- **Exercise objective**:
Restate each entry exactly, without pictures.

- **Supplied material**:
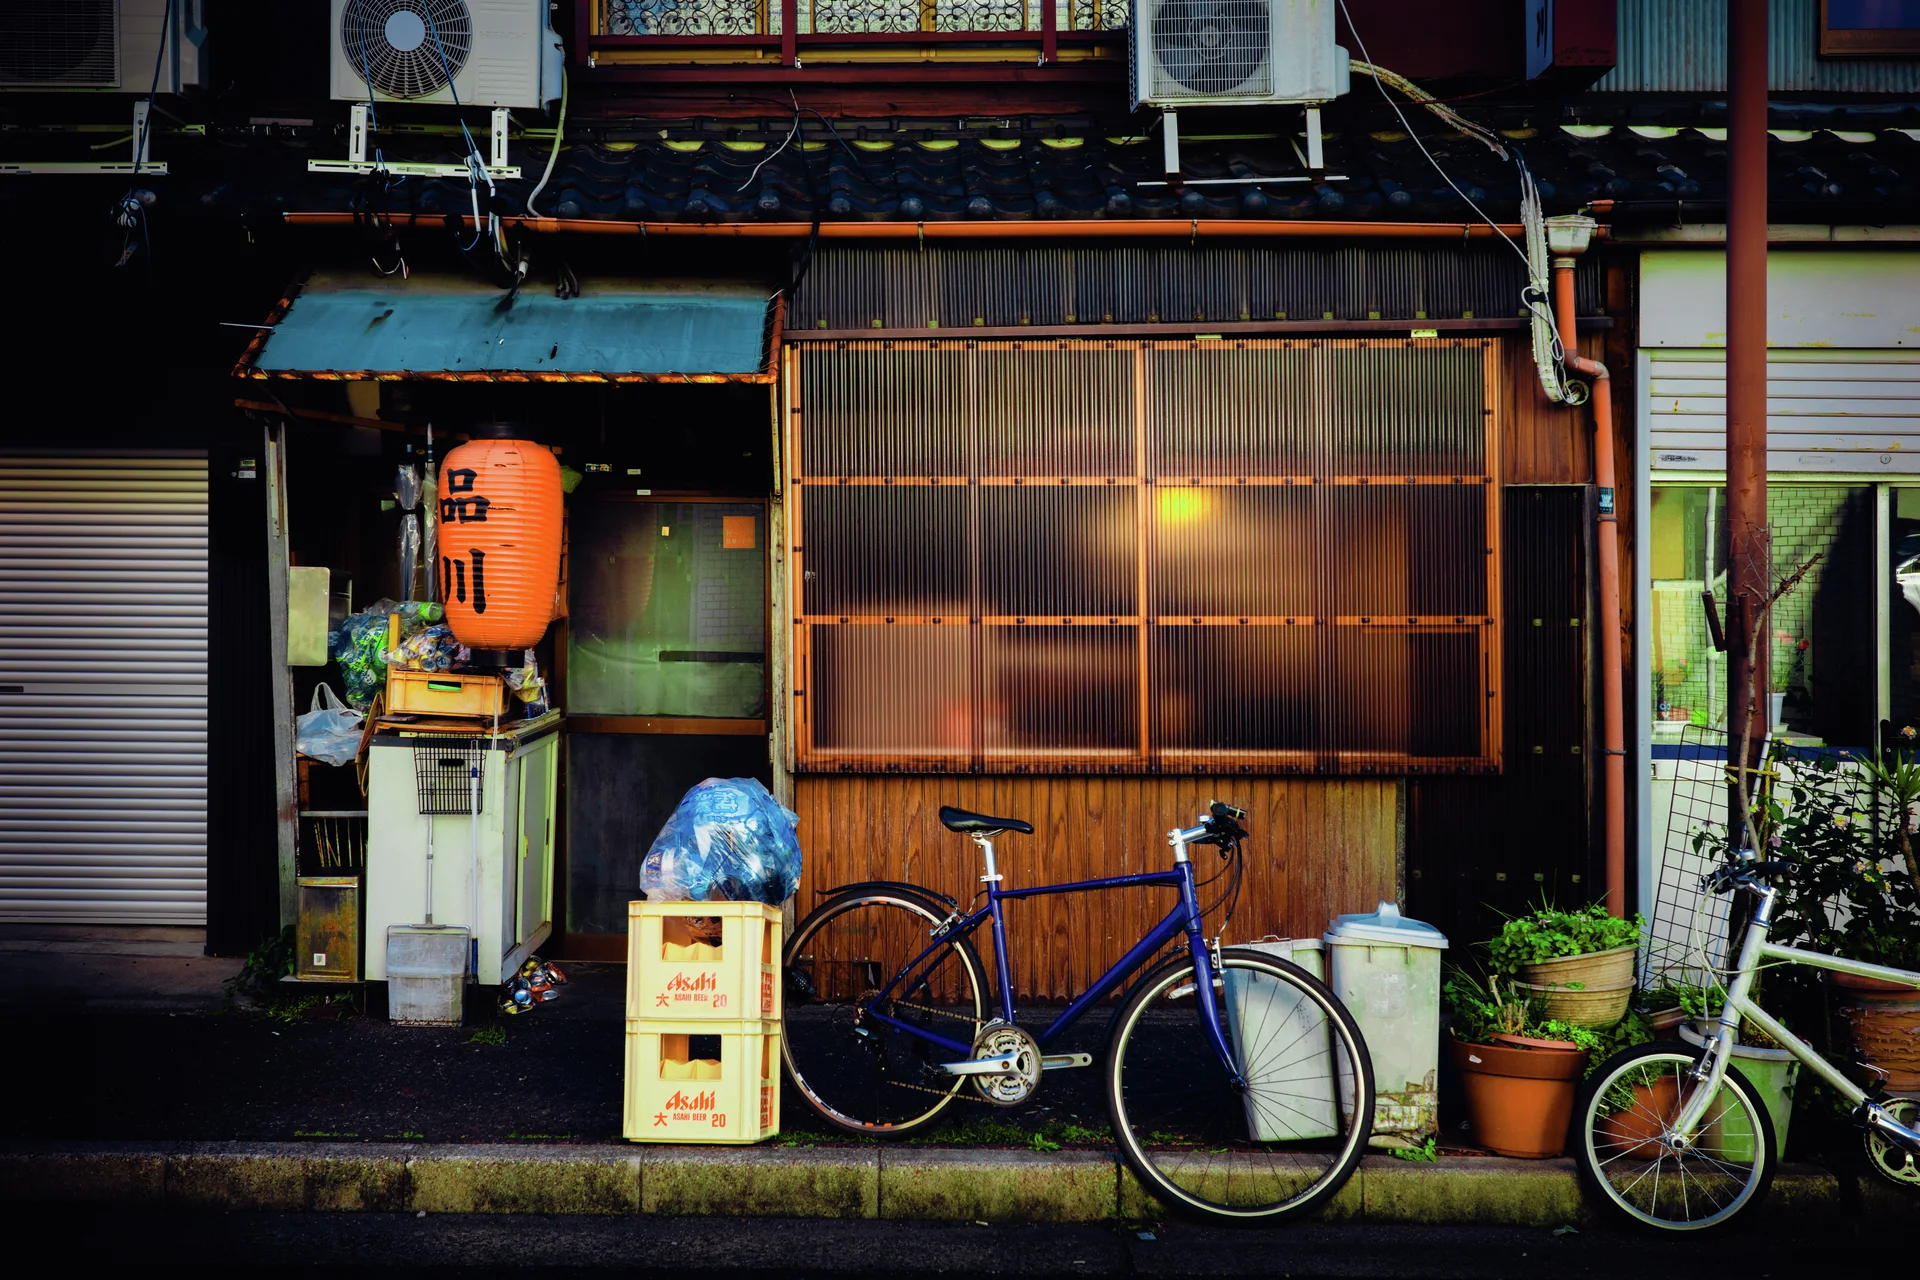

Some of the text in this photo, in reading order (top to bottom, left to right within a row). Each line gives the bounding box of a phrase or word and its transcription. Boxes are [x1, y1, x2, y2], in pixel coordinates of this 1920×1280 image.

[439, 467, 491, 614] 品川
[667, 972, 717, 991] Asahi
[656, 993, 670, 1007] 大
[674, 993, 708, 1001] ASAHI BEER
[712, 994, 728, 1008] 20
[665, 1090, 715, 1111] Asahi
[654, 1112, 668, 1127] 大
[673, 1113, 707, 1121] ASAHI BEER
[711, 1113, 726, 1128] 20

- **Answer space**:
Some of the text in this photo, in reading order (top to bottom, left to right within a row). Each line gives the bounding box of a phrase or word and its transcription. Boxes are [x1, y1, x2, y2], in pixel coordinates of this 1920×1280 image.

[439, 467, 491, 614] 品川
[667, 972, 717, 991] Asahi
[656, 993, 670, 1007] 大
[674, 993, 708, 1001] ASAHI BEER
[712, 994, 728, 1008] 20
[665, 1090, 715, 1111] Asahi
[654, 1112, 668, 1127] 大
[673, 1113, 707, 1121] ASAHI BEER
[711, 1113, 726, 1128] 20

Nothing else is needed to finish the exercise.